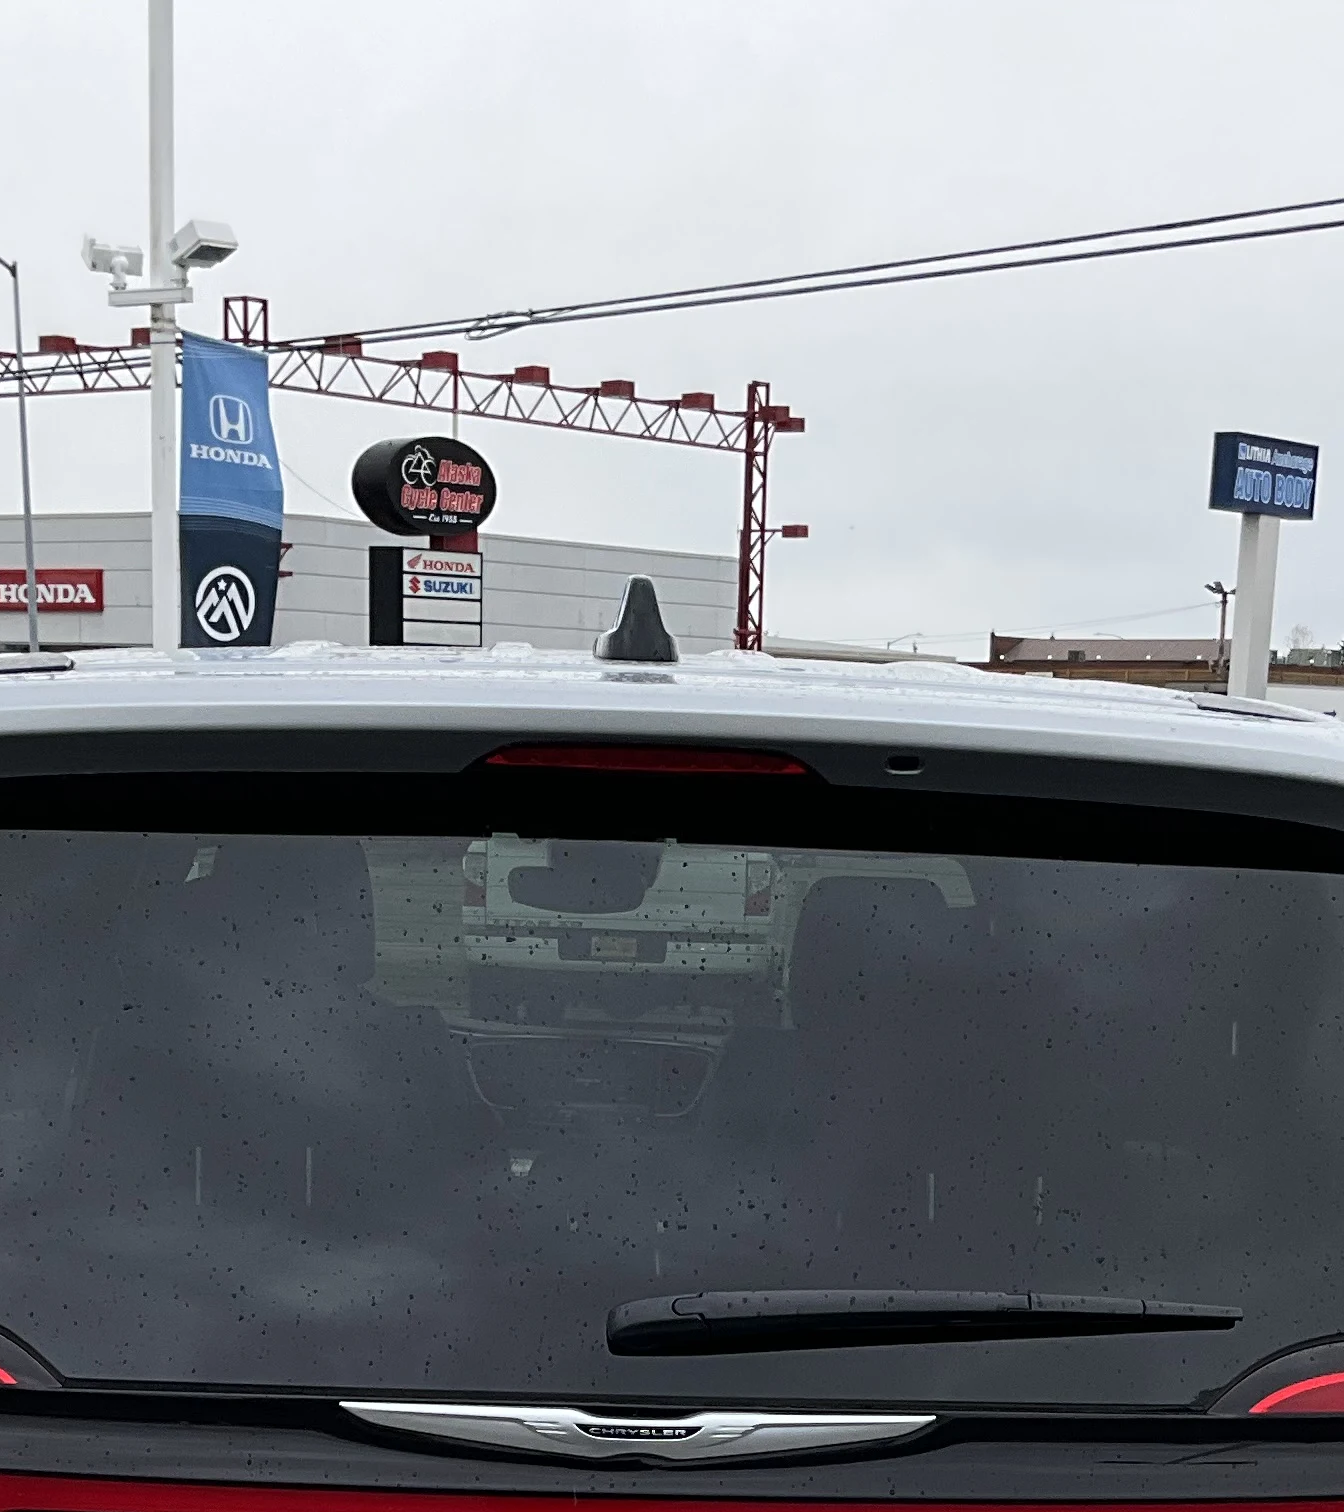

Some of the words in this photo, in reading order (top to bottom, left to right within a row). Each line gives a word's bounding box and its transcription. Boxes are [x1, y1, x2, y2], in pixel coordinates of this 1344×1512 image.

[189, 443, 274, 470] HONDA
[437, 459, 482, 486] Alaska
[400, 484, 438, 510] Cycle
[440, 487, 484, 514] Center
[1234, 466, 1272, 504] AUTO
[1274, 473, 1314, 510] BODY
[422, 560, 476, 573] HONDA
[423, 579, 473, 595] SUZUKI
[588, 1426, 687, 1436] CHRYSLER
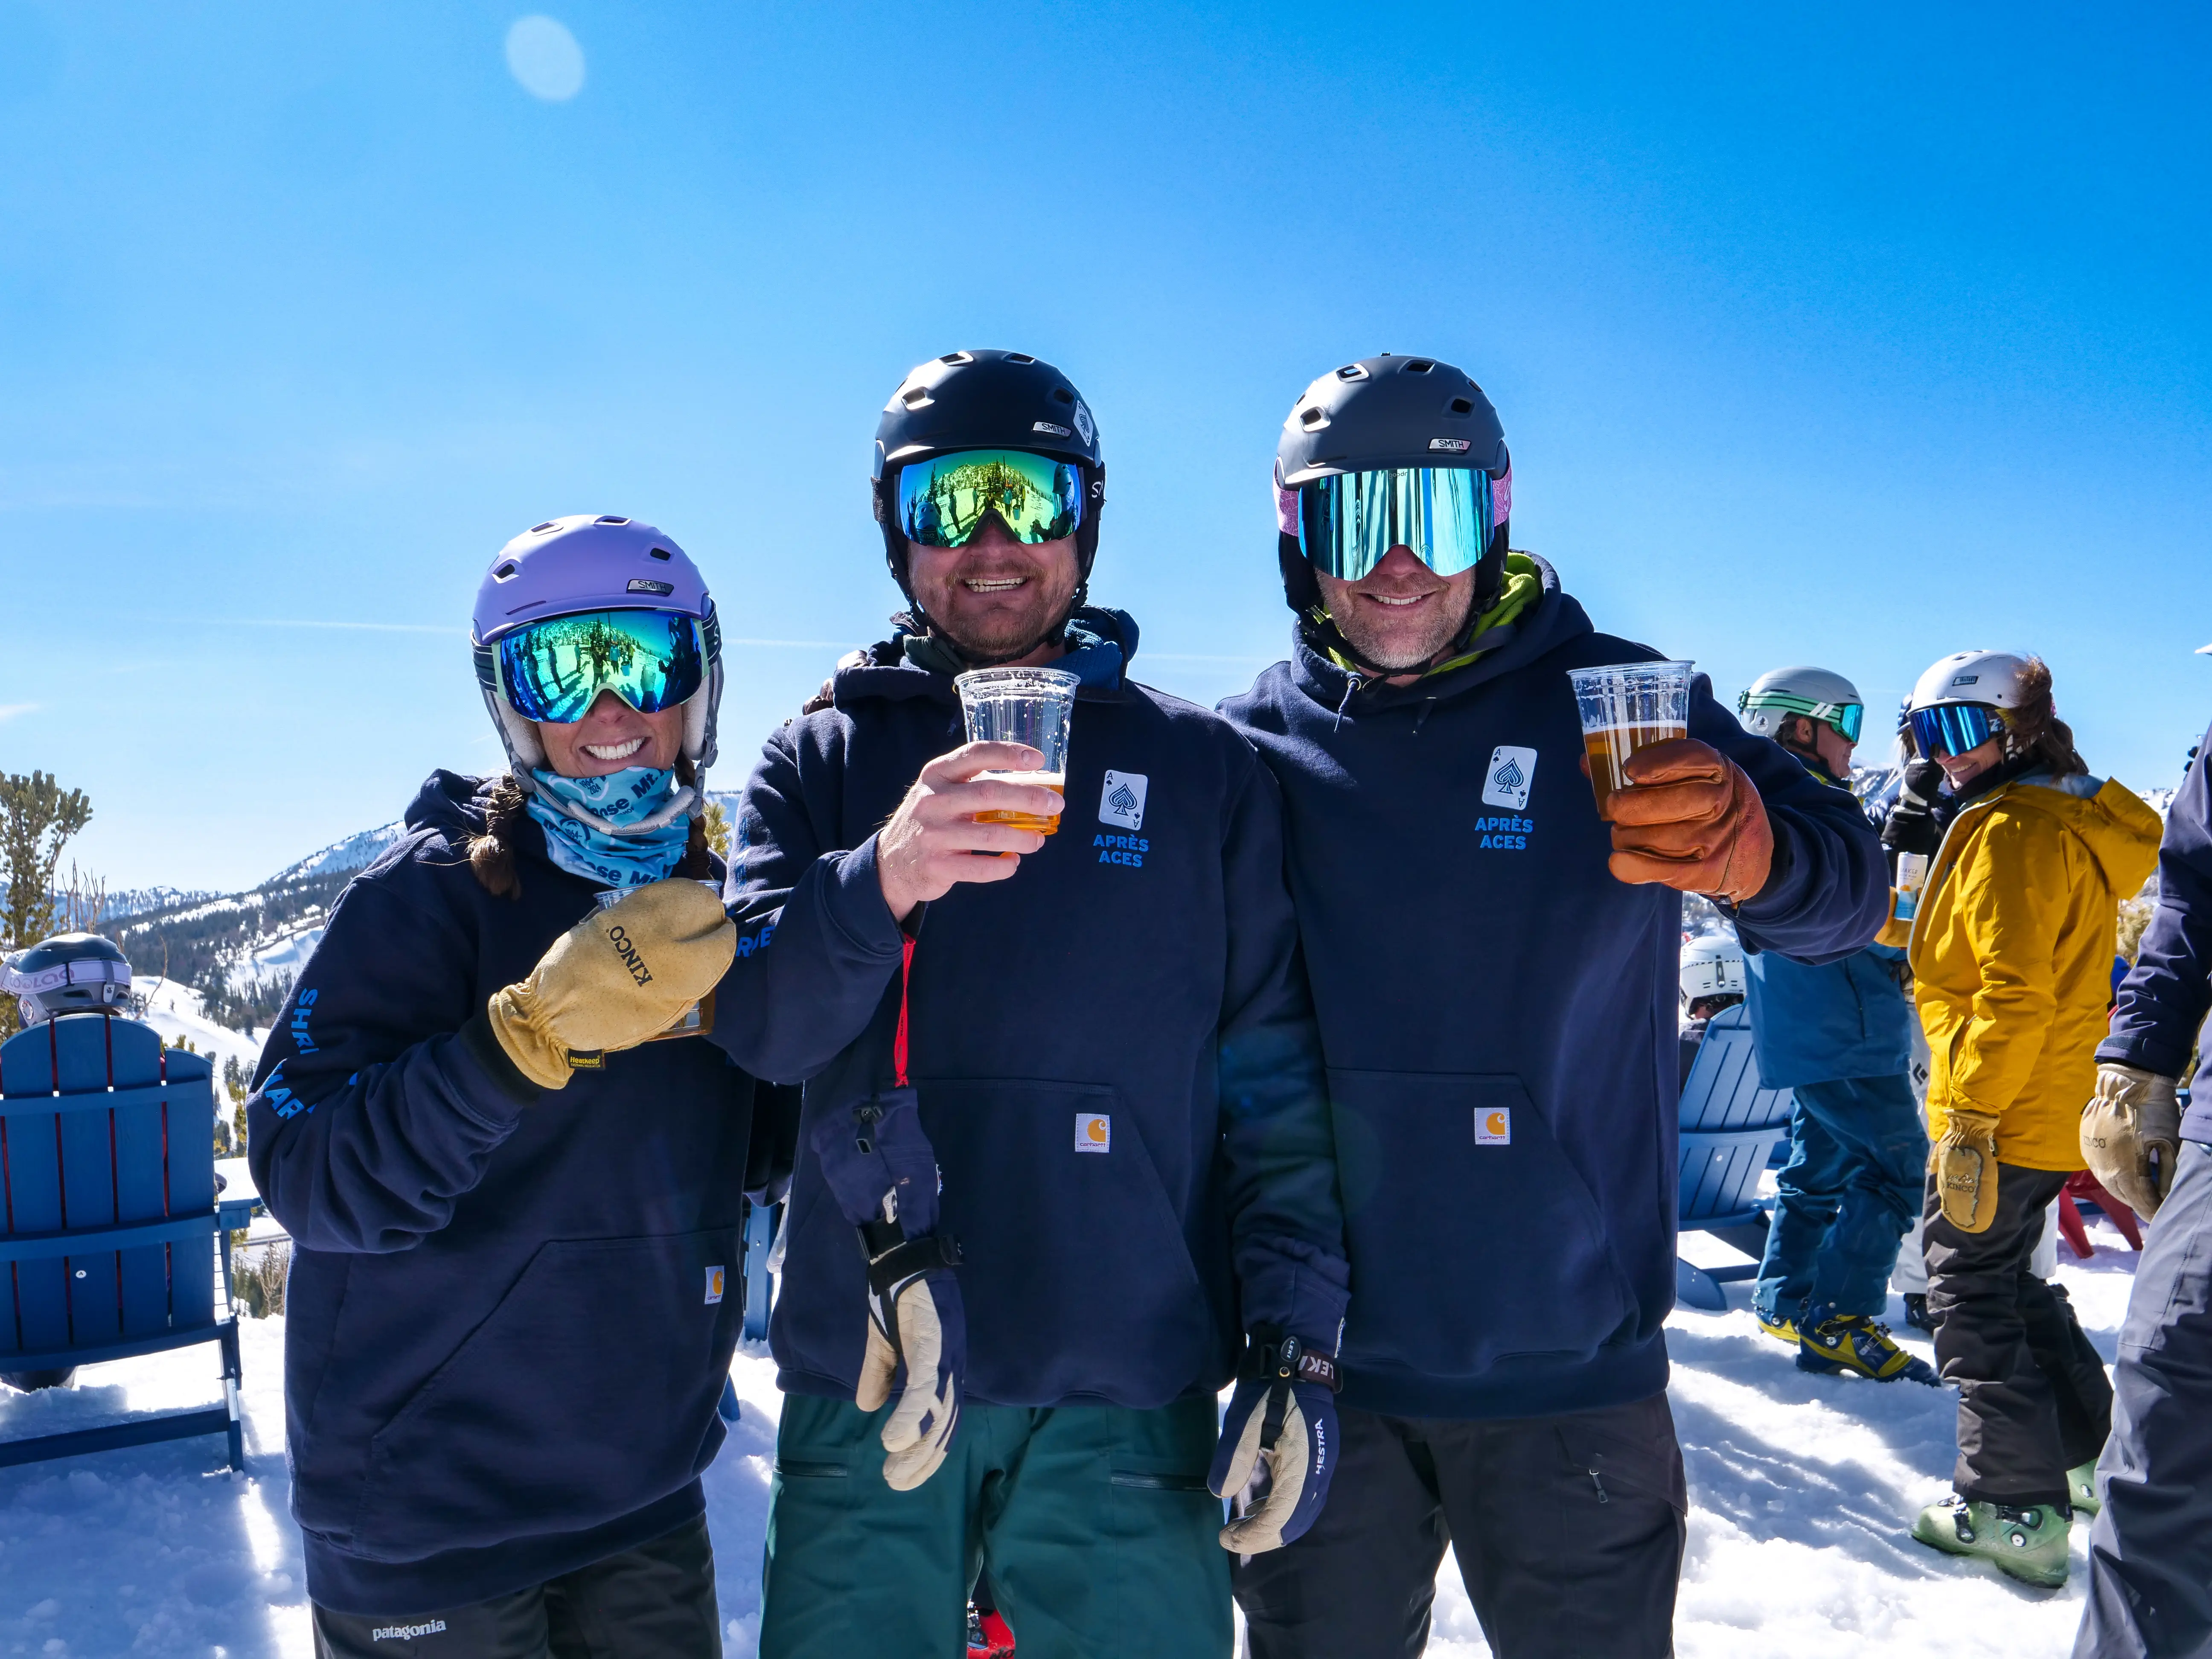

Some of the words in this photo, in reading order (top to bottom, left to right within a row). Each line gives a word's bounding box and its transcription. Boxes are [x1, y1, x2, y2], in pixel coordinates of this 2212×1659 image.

[1042, 423, 1065, 435] SMITH
[1438, 439, 1464, 448] SMITH
[638, 581, 666, 592] SMITH
[1475, 815, 1534, 833] APRÈS
[1093, 834, 1149, 852] APRÈS
[1480, 835, 1526, 850] ACES
[1099, 851, 1142, 868] ACES
[610, 926, 654, 987] KINCO
[570, 1056, 600, 1065] Heatkeep
[1286, 1340, 1295, 1359] LEKI
[1315, 1418, 1325, 1474] HESTRA
[372, 1619, 446, 1642] patagonia

━━━━

### ABOUT THIS TASK
Would you output the full listing exactly as it stands, minus the images?

### RESPONSE TO THIS EXERCISE
Some of the words in this photo, in reading order (top to bottom, left to right within a row). Each line gives a word's bounding box and its transcription. Boxes are [x1, y1, x2, y2], in pixel coordinates of this 1344×1512 image.

[189, 443, 274, 470] HONDA
[437, 459, 482, 486] Alaska
[400, 484, 438, 510] Cycle
[440, 487, 484, 514] Center
[1234, 466, 1272, 504] AUTO
[1274, 473, 1314, 510] BODY
[422, 560, 476, 573] HONDA
[423, 579, 473, 595] SUZUKI
[588, 1426, 687, 1436] CHRYSLER

Some of the words in this photo, in reading order (top to bottom, left to right within a row). Each line gives a word's bounding box and its transcription. Boxes are [x1, y1, x2, y2], in pixel coordinates of this 2212×1659 image.

[1042, 423, 1065, 435] SMITH
[1438, 439, 1464, 448] SMITH
[638, 581, 666, 592] SMITH
[1475, 815, 1534, 833] APRÈS
[1093, 834, 1149, 852] APRÈS
[1480, 835, 1526, 850] ACES
[1099, 851, 1142, 868] ACES
[610, 926, 654, 987] KINCO
[570, 1056, 600, 1065] Heatkeep
[1286, 1340, 1295, 1359] LEKI
[1315, 1418, 1325, 1474] HESTRA
[372, 1619, 446, 1642] patagonia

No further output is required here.